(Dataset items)
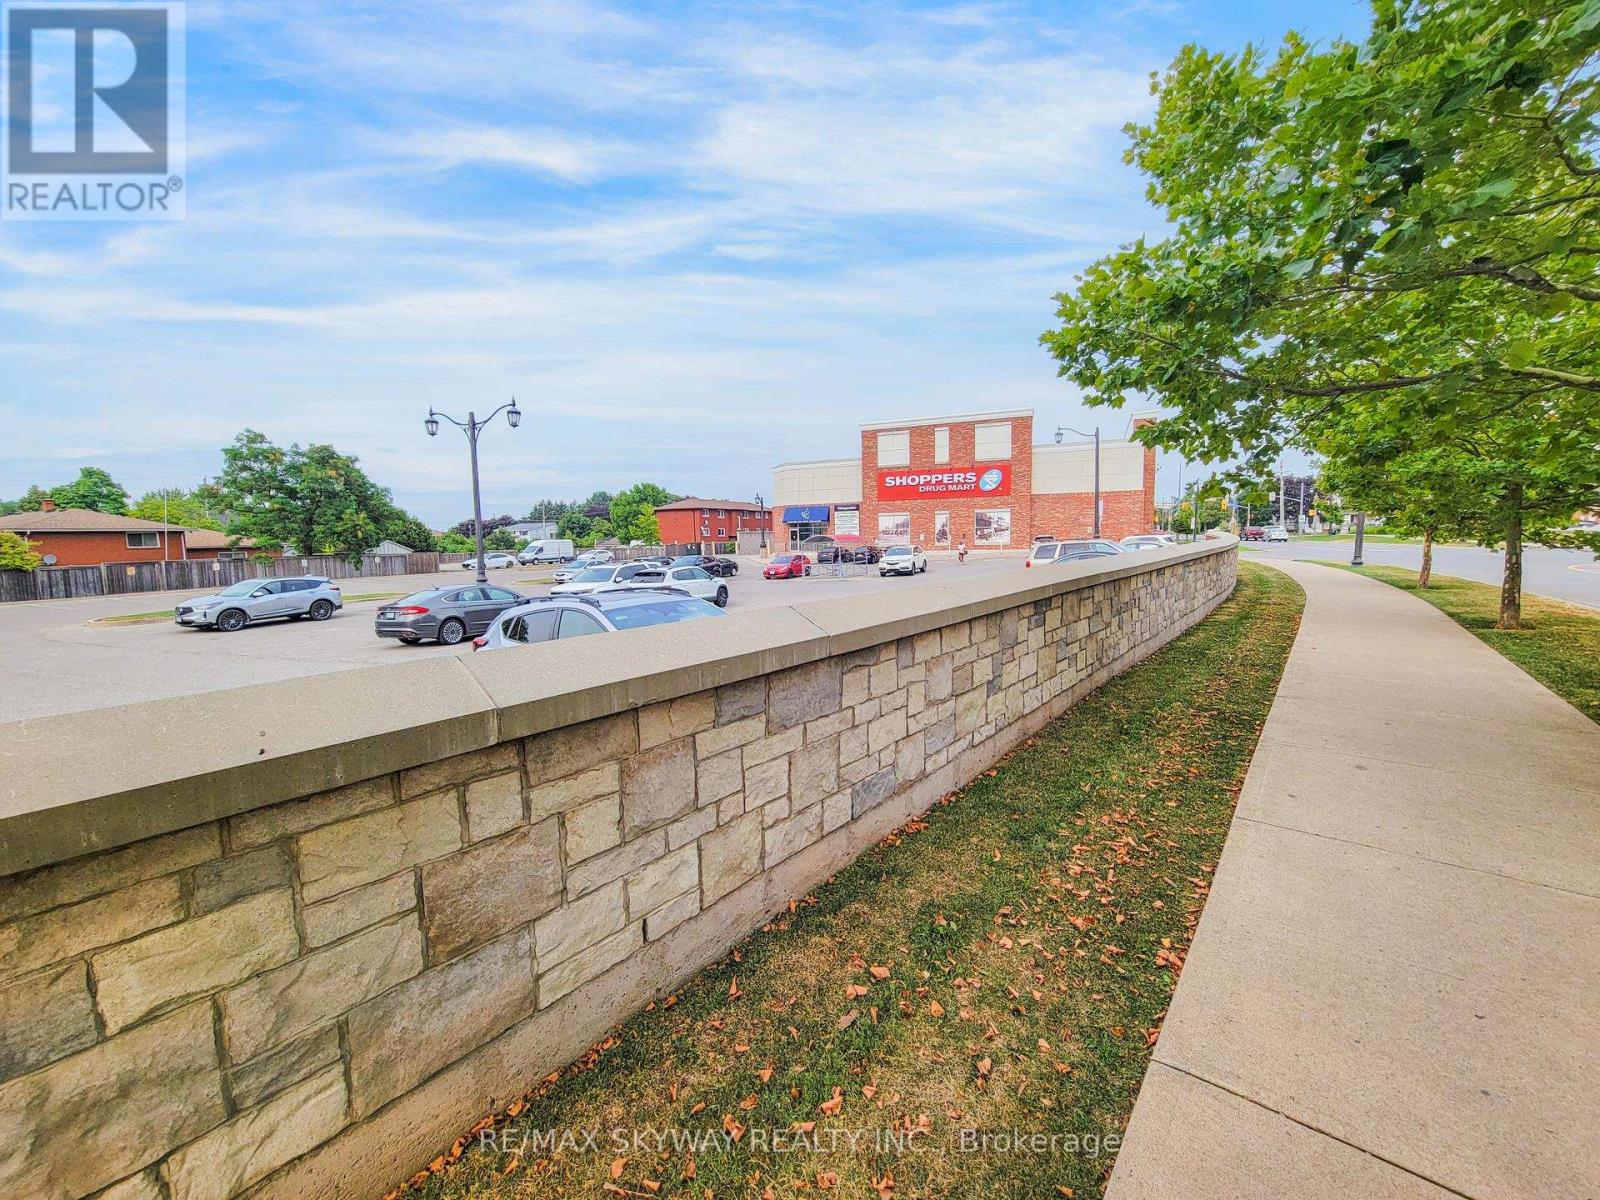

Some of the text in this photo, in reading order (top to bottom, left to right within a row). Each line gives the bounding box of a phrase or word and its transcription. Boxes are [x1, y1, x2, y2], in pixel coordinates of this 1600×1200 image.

[885, 472, 977, 487] SHOPPERS
[919, 483, 977, 493] DRUG MART
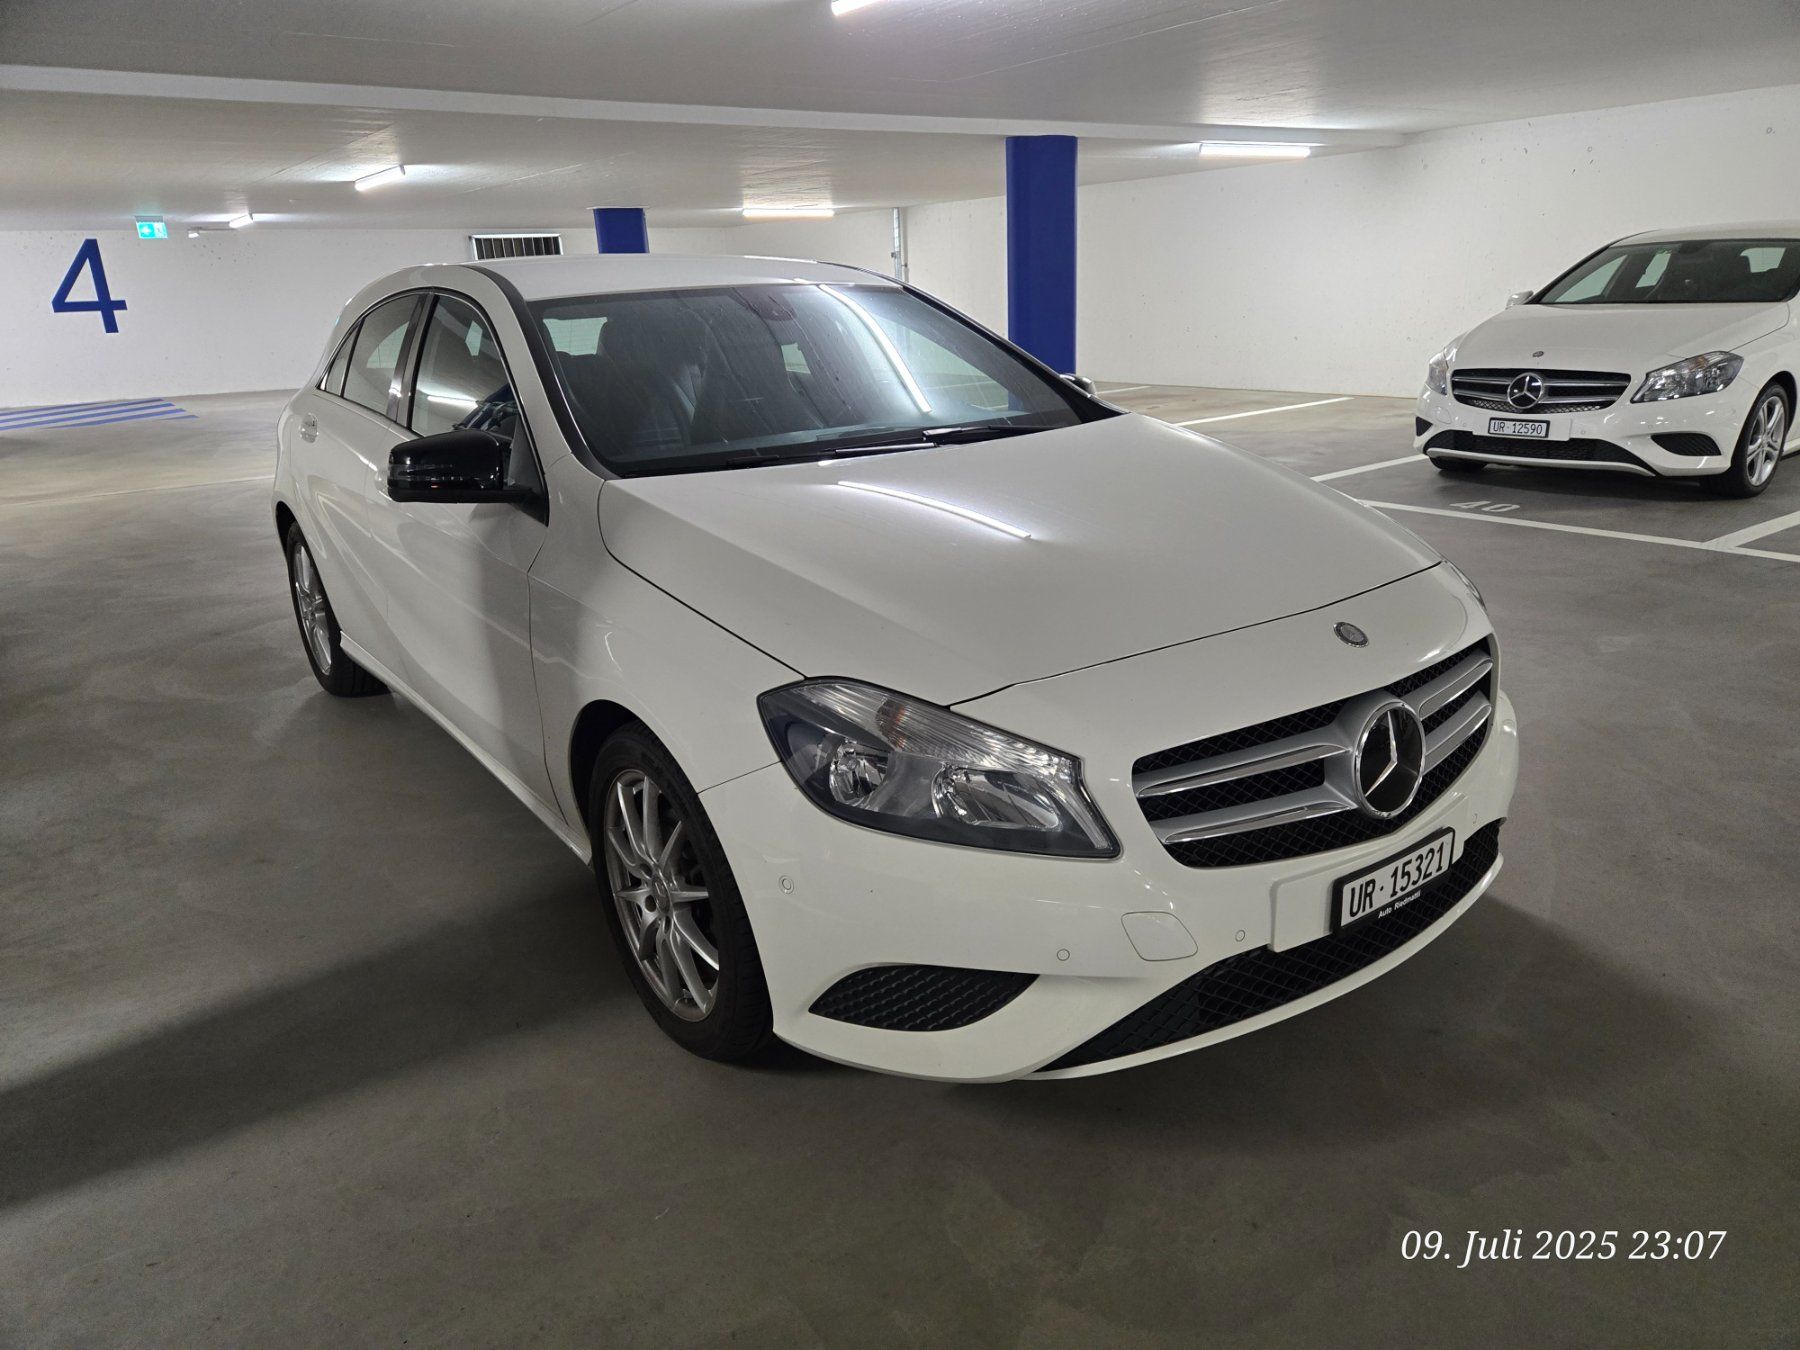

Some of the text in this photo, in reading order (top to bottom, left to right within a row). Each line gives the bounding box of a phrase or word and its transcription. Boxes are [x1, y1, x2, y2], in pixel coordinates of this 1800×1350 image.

[51, 238, 128, 333] 4
[1493, 421, 1543, 435] UR 12590
[1449, 500, 1521, 512] 40
[1349, 841, 1445, 917] UR 15321

■ Exercise details: When an image appears in the data, skip it and output the rest exactly.

■ Your solution:
Some of the text in this photo, in reading order (top to bottom, left to right within a row). Each line gives the bounding box of a phrase or word and its transcription. Boxes are [x1, y1, x2, y2], in pixel coordinates of this 1600×1200 image.

[885, 472, 977, 487] SHOPPERS
[919, 483, 977, 493] DRUG MART

Some of the text in this photo, in reading order (top to bottom, left to right within a row). Each line gives the bounding box of a phrase or word and its transcription. Boxes are [x1, y1, x2, y2], in pixel coordinates of this 1800×1350 image.

[51, 238, 128, 333] 4
[1493, 421, 1543, 435] UR 12590
[1449, 500, 1521, 512] 40
[1349, 841, 1445, 917] UR 15321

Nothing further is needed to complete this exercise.